If you want a dose of reality about the environmental push against food production, look no further Greenpeace’s ranting at http://www.greenpeace.org/usa/news/green-living-guide/on-your-plate.  They also have an extensive report available targeting agriculture’s role in greenhouse emissions in Europe.  As I review this and other reports of how modern day farming is poisoning the land in mass media, I always have to pause to consider how we can do a better job in explaining agriculture’s concern for the environment.

Try these on for size – some quick facts can be very effective in a coffee shop or church conversation. The majority are from www.farmpolicyfacts.org, many sourced from USDA.

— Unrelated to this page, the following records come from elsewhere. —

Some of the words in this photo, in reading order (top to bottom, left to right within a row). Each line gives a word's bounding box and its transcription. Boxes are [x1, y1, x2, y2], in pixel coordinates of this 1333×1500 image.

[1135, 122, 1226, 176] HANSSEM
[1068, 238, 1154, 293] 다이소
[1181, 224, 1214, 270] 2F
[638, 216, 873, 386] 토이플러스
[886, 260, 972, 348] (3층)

  • Agricultural land offers habitat for 75% of the nation’s wildlife.
  • There are 6.5 billion people on the planet, expected to grow to 8 billion by 2025.  Today’s farmer provides food and fiber for 144 people, up from just 19 people in 1940.  It doesn’t take a scientist to figure that more efficient production results in less global usage of land.
  • Due to lower production, organics actually use more land mass than conventionally raised food.
  • Plants require fertilizer to grow – see the facts at www.nutrientsforlife.org. Fertilizers are are extremely expensive, so beyond the environmental logic of not over applying, farmers aren’t interested in putting more on than what’s necessary.
  • Farmers live, work and raise their family on the same land from which your food is produced.  In order to sustain the land for future generations, farmers have and continue to protect their natural resources.
  • As noted at www.pestfacts.org, we share our environment with pests.  Insects, weeds and other pathogens cause damage, disease and destruction.  USDA and FDA approved pesticides allow food to be produced and presented in the best way possible.

All of the excitement about Earth Day offers you the perfect chance to introduce the first environmentalist – those that are working diligently to get our crops in the ground right now to feed and fuel our world.   After all, Greenpeace is happy to toot their horn, so let’s make it a complete ensemble and include the music of agriculture in the Earth Day Celebration.